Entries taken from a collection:
================================

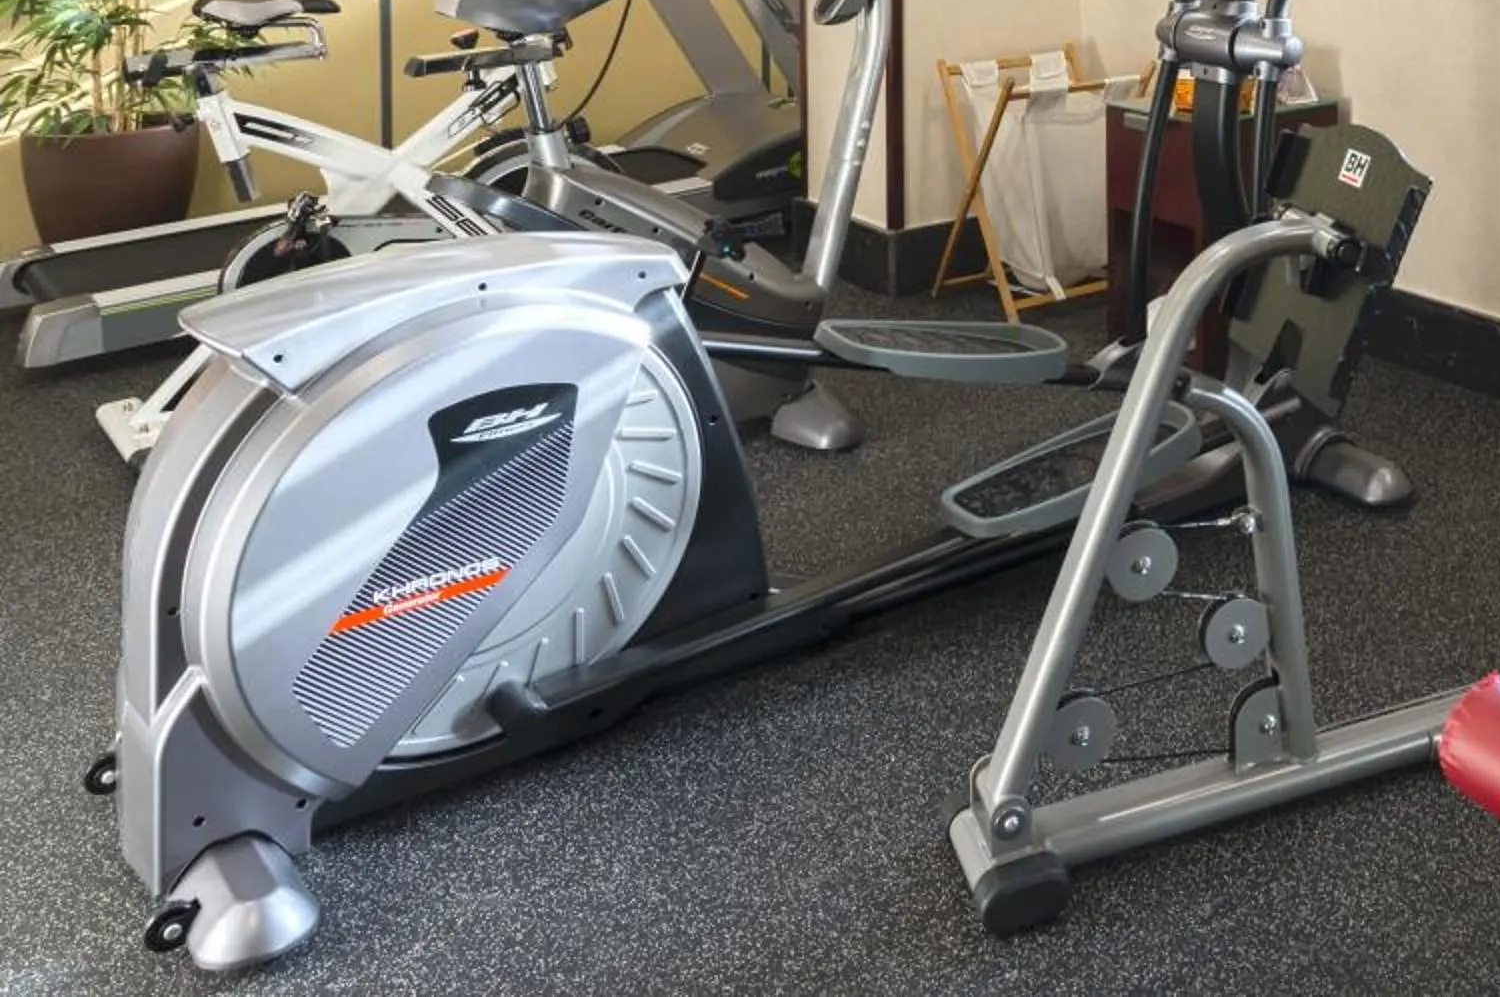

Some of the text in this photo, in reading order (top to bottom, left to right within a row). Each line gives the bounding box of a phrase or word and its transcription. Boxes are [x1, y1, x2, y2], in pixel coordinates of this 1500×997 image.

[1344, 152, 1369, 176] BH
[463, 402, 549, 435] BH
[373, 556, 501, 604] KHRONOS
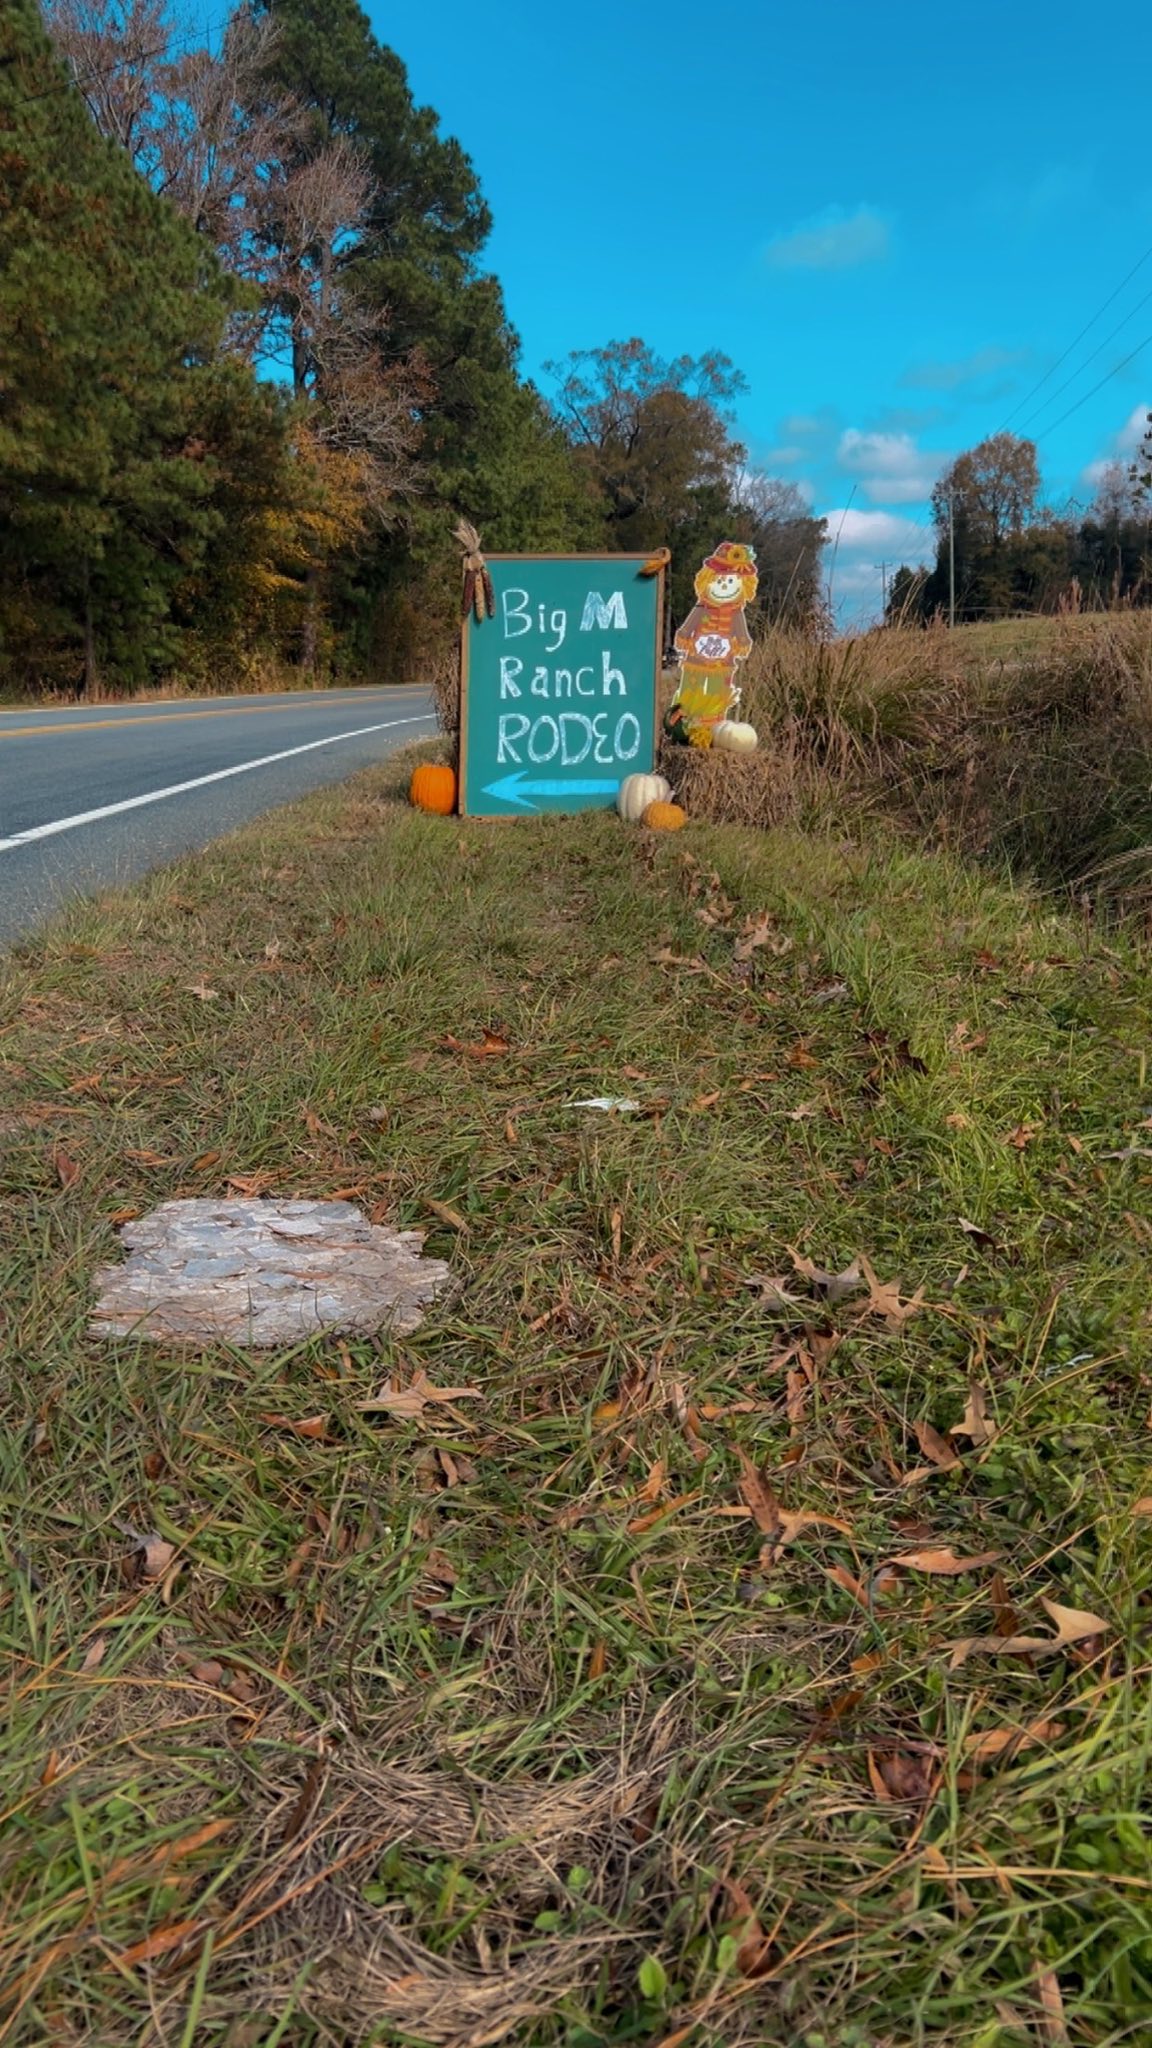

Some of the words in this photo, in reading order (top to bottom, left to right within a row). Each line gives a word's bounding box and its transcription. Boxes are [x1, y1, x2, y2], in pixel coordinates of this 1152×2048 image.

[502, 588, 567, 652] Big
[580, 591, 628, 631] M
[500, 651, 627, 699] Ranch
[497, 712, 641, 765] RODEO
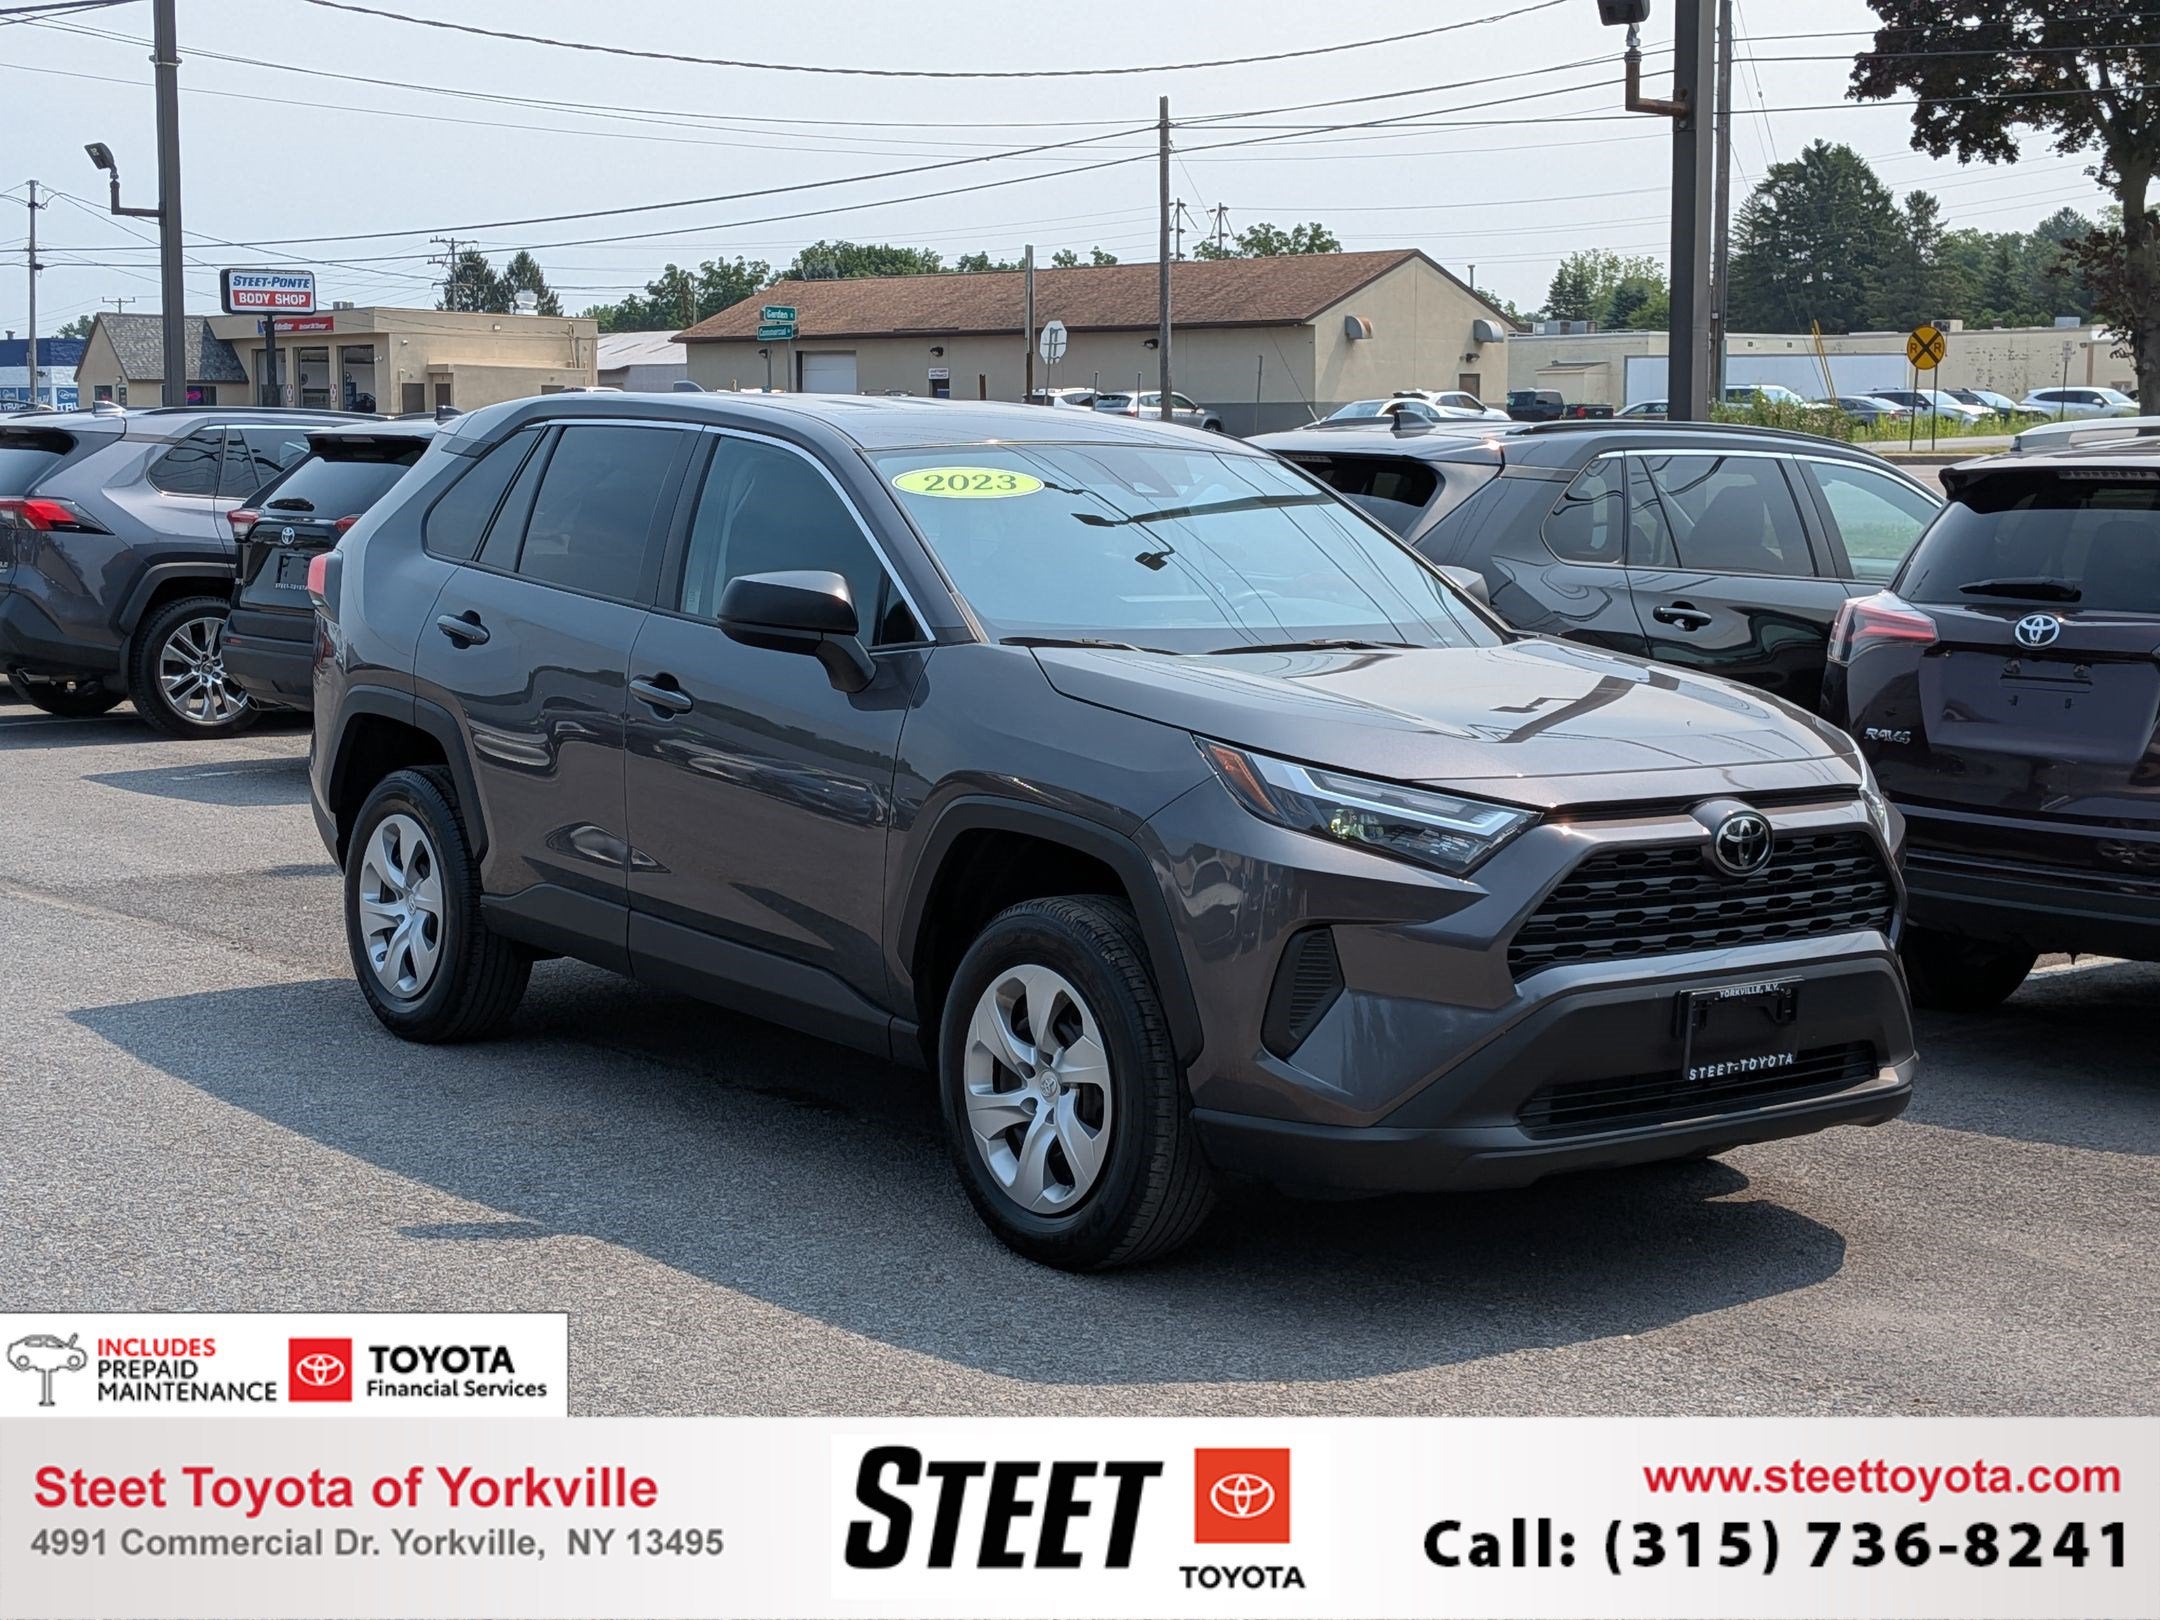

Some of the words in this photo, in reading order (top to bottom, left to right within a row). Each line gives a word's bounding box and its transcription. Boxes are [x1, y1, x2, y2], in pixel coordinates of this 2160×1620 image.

================================

Task goal:
A word-for-word copy of all the data is required, minus the pictures.

Answer space:
Some of the text in this photo, in reading order (top to bottom, left to right within a row). Each line gives the bounding box of a phrase or word and its transcription. Boxes are [x1, y1, x2, y2], in pixel coordinates of this 1500×997 image.

[1344, 152, 1369, 176] BH
[463, 402, 549, 435] BH
[373, 556, 501, 604] KHRONOS

Some of the words in this photo, in reading order (top to bottom, left to right within a row). Each line gives a word's bounding box and its transcription. Boxes are [x1, y1, x2, y2], in pixel coordinates of this 1152×2048 image.

[502, 588, 567, 652] Big
[580, 591, 628, 631] M
[500, 651, 627, 699] Ranch
[497, 712, 641, 765] RODEO

Some of the words in this photo, in reading order (top to bottom, left to right within a row). Each line gives a word's bounding box and its transcription. Boxes are [x1, y1, x2, y2], in pixel coordinates of this 2160×1620 image.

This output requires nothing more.